Toggle v4.2.0's commit message
Update TFDS to 4.2.0

API:

 * Add `tfds build` to the CLI. See [documentation](https://www.tensorflow.org/datasets/cli#tfds_build_download_and_prepare_a_dataset).
 * DownloadManager now returns [Pathlib-like](https://docs.python.org/3/library/pathlib.html#basic-use) objects
 * Datasets returned by `tfds.as_numpy` are compatible with `len(ds)`
 * New `tfds.features.Dataset` to represent nested datasets
 * Add `tfds.ReadConfig(add_tfds_id=True)` to add a unique identifiant to the example `ex['tfds_id']` (e.g. `b'train.tfrecord-00012-of-01024__123'`)
 * Add `num_parallel_calls` option to `tfds.ReadConfig` to overwrite to default `AUTOTUNE` option
 * `tfds.ImageFolder` now support `tfds.decode.SkipDecoder`
 * Add multichannel audio support to `tfds.features.Audio`
 * Better `tfds.as_dataframe` visualization (ffmpeg video if installed, bounding boxes,...)
 * Add `try_gcs` to `tfds.builder(..., try_gcs=True)`
 * Simpler `BuilderConfig` definition: global `VERSION` and `RELEASE_NOTES` are applied to all `BuilderConfig`. Config description is now optional.

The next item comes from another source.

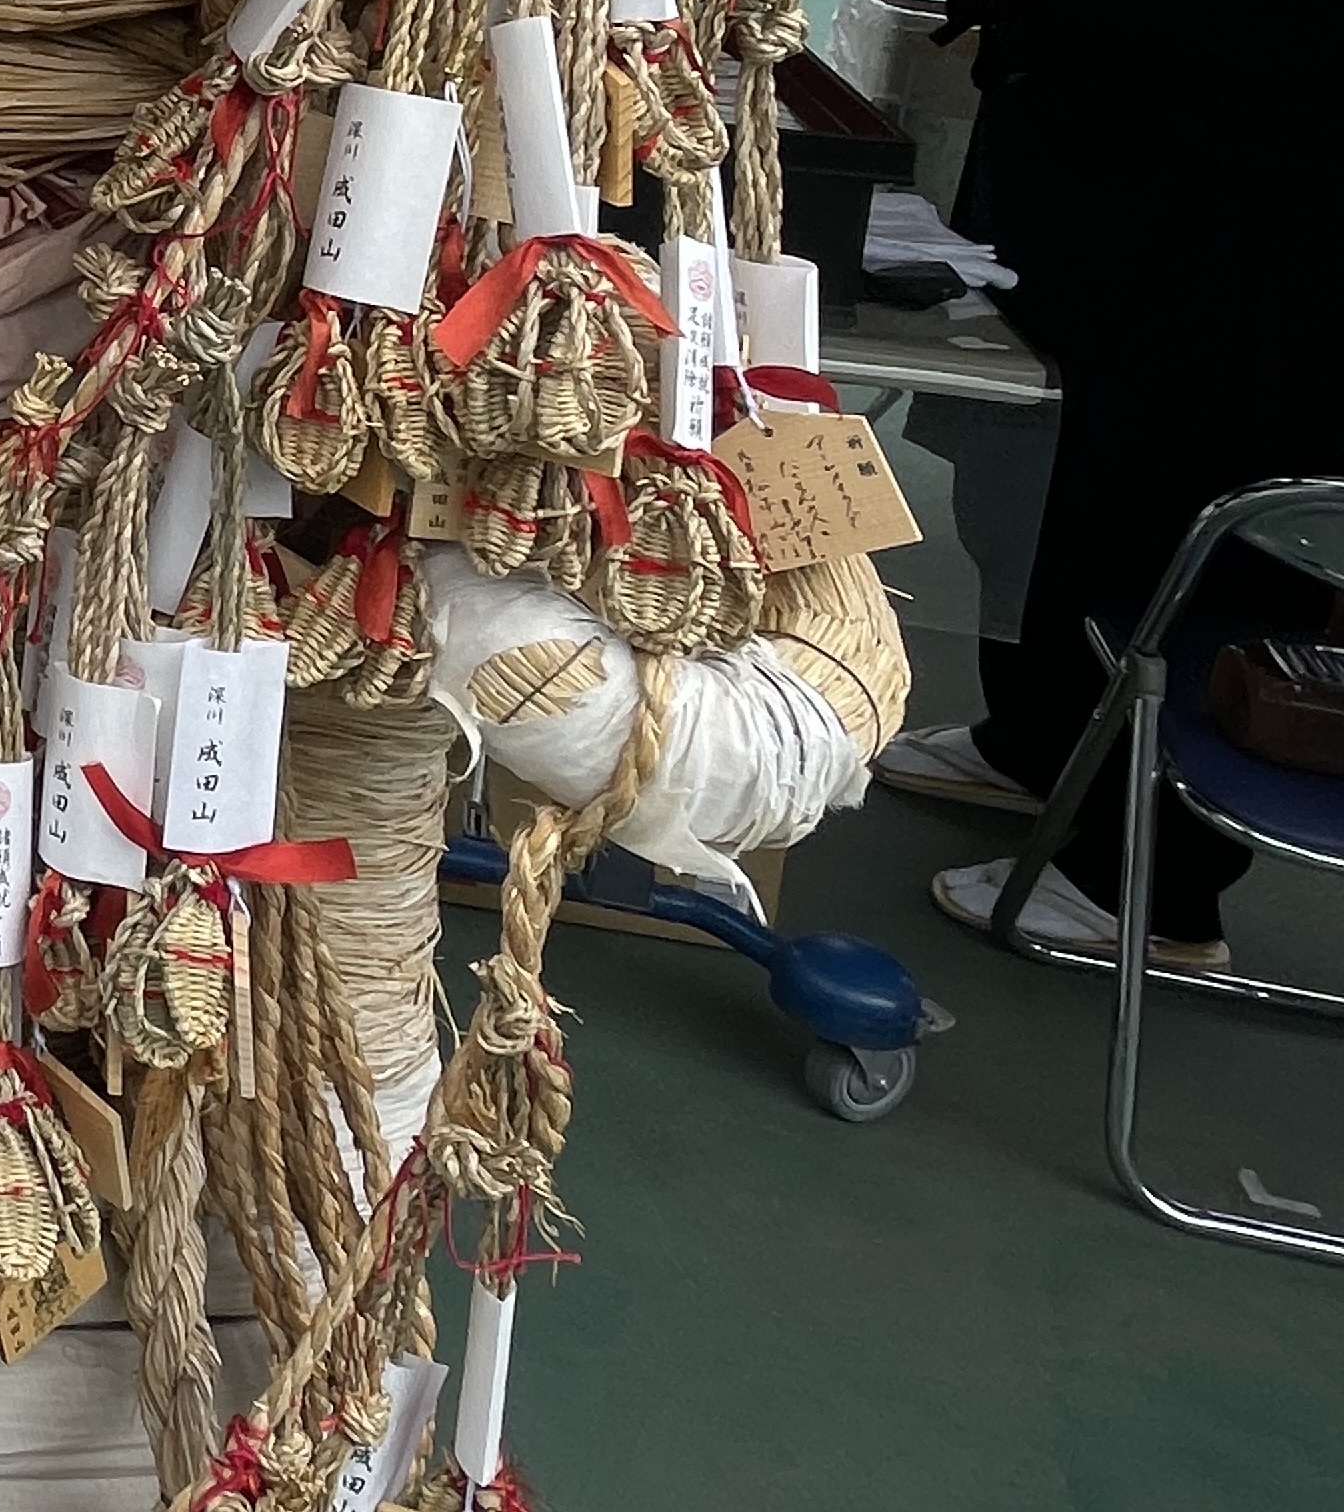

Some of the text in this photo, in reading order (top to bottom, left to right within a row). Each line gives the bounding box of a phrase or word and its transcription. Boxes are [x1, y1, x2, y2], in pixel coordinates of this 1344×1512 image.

[320, 175, 353, 260] 成田山
[48, 763, 71, 843] 成田山
[192, 740, 221, 822] 成田山

Breaking compatibility changes:

* Removed non-plain text config of text datasets and remove config: `multi_nli/plain_text` -> `multi_nli`
* To guarantee better deterministic, new validations are performed on the keys when creating a dataset (to avoid filenames as keys (non-deterministic) and restrict key to `str`, `bytes` and `int`). New errors likely indicates an issue in the dataset implementation.
* `tfds.core.benchmark` now returns a `pd.DataFrame` (instead of a `dict`)
* `tfds.units` is not visible anymore from the public API

Bug fixes:

* Support 0-len sequence with images of dynamic shape (Fix tensorflow#2616)
* Progression bar correctly updated when copying files.
* Many bug fixes (GPath consistency with pathlib, s3 compatibility, TQDM visual artifacts, GCS crash on windows, re-download when checksums updated,...)
* Better debugging and error message (e.g. human readable size,...)
* Allow `max_examples_per_splits=0` in `tfds build --max_examples_per_splits=0` to test `_split_generators` only (without `_generate_examples`).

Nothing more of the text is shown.